Tag Archive for 'death'

Ragland files appeal in civil case

Shane Ragland

Shane Ragland

Shane Ragland, who has admitted that he shot and killed UK football player Trent DiGiuro in 1994, has filed for an appeal of his civil court case.

Ragland’s filing comes nearly a month after a Fayette judge refused to throw out a record $60 million in punitive damages against Shane Ragland in the sniper-style shooting death of a University of Kentucky football player in 1994.

Ragland’s attorney, David Broderick of Bowling Green, filed for the appeal Monday in Fayette Circuit Court in response to Circuit Judge Thomas Clark’s Jan. 7 ruling. Ragland had 30 days to file a notice of appeal.

Ragland, who was arrested in 2000, was convicted in 2002 of murdering Trent DiGiuro, but the Kentucky Supreme Court overturned the verdict in 2006.

He accepted a plea deal in 2007 and pleaded guilty to second-degree manslaughter. His sentence was for time served plus an additional three days of home incarceration.

Ragland admitted to fatally shooting Trent DiGiuro in front of a Woodland Avenue rental house while DiGiuro was celebrating his upcoming 21st birthday. Prosecutors have said Ragland was angry because he wrongly thought DiGiuro had prevented him from getting into the fraternity.

DiGiuro’s family sued Ragland, and in August a jury awarded the family $63.3 million, including $3.3 million in lost wages.

The amount awarded, if it stands, will be the largest ever to come out of Fayette County and the second-largest ever in Kentucky.
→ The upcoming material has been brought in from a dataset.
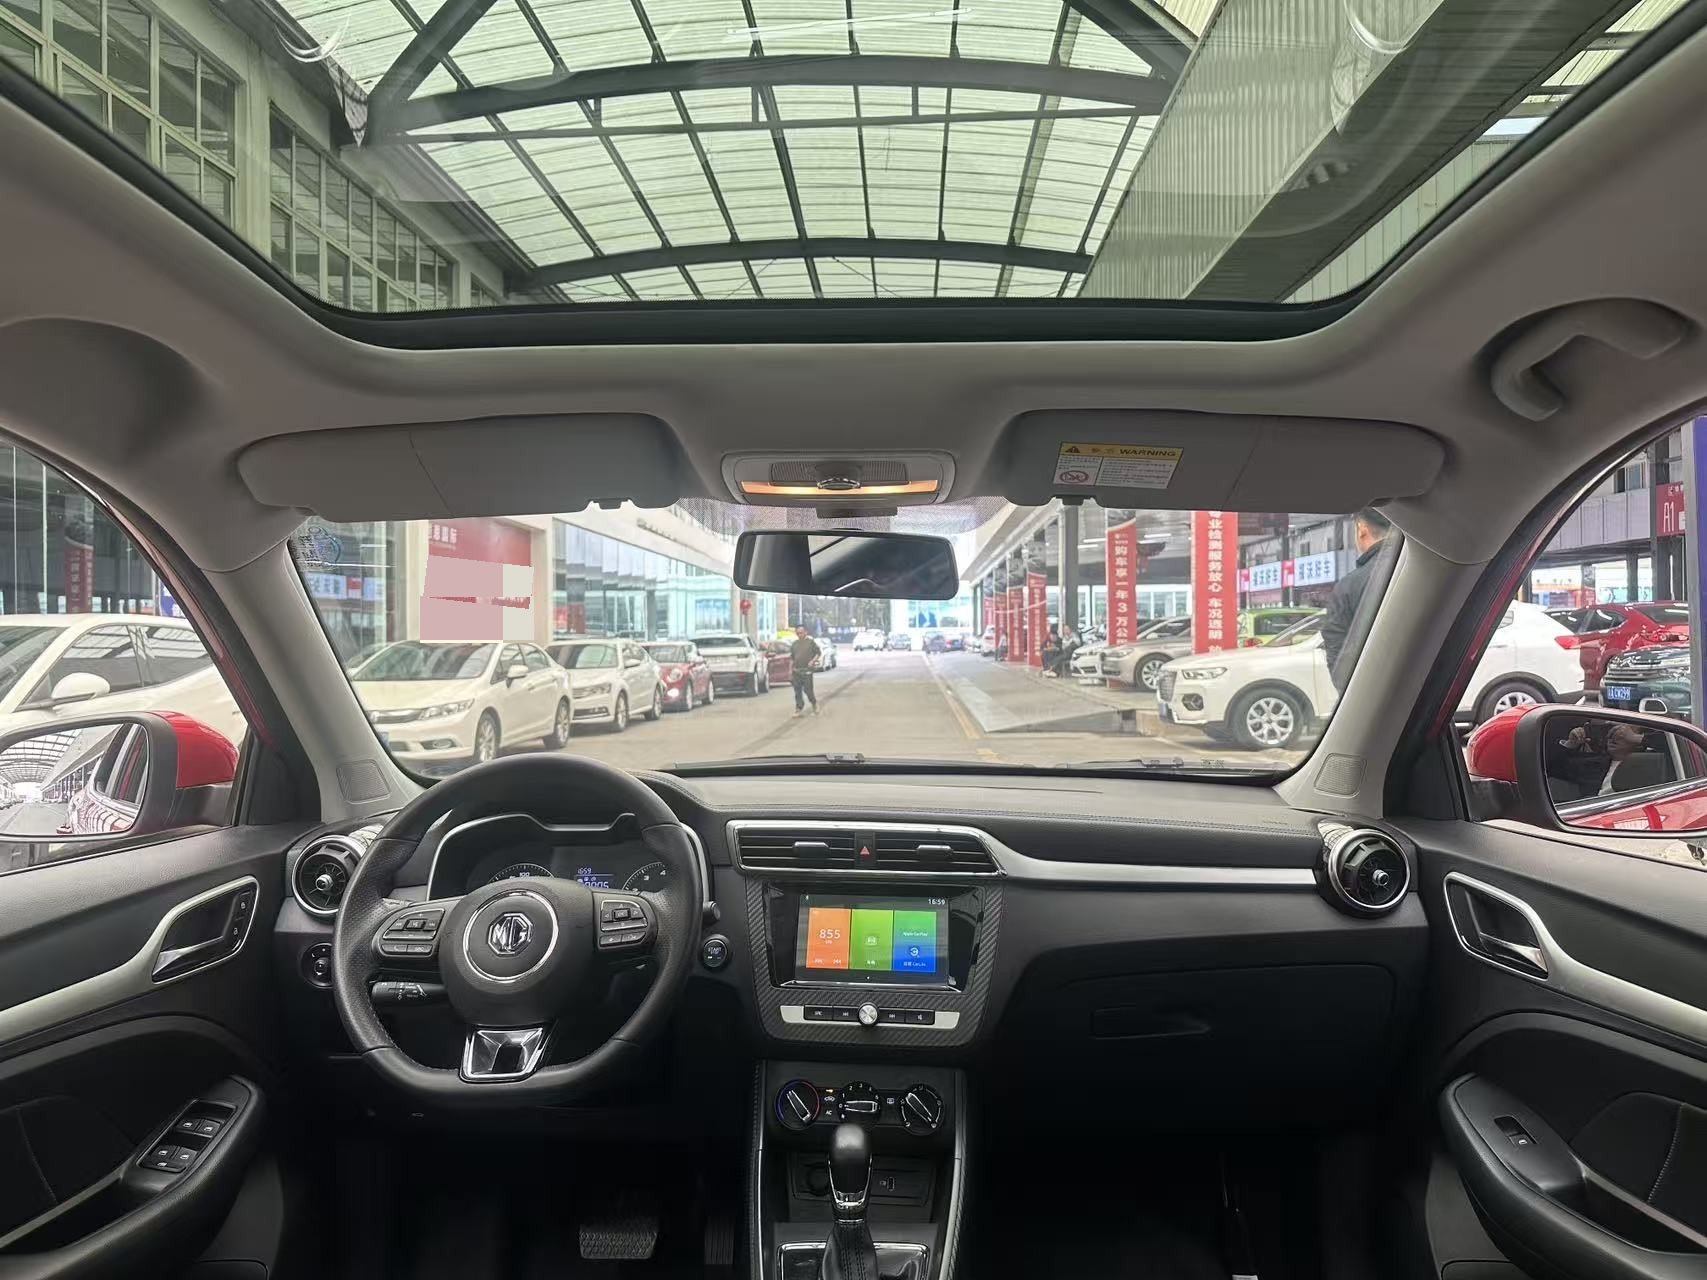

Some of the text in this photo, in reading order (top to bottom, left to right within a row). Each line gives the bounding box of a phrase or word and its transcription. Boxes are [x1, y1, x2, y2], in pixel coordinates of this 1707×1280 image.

Ragland and his attorneys did not attend the civil trial, but filed a motion in September asking for the verdict to be tossed out and requesting a new trial. They claimed the verdict was excessive, despite their earlier offer to settle the case for $50 million.

Clark overruled that motion last month. His order represented the strongest public statements he has made in the eight years he has presided over the criminal and civil cases.

“This court … can find no greater act of reprehensibility than the premeditated, senseless killing of a young man about to enter the prime of his life, particularly in light of the purported motive,” Clark wrote. “To lie in wait, in the dark of night, and assassinate a person for purportedly being blackballed from a fraternity years earlier, the court can find no greater reprehensible conduct.”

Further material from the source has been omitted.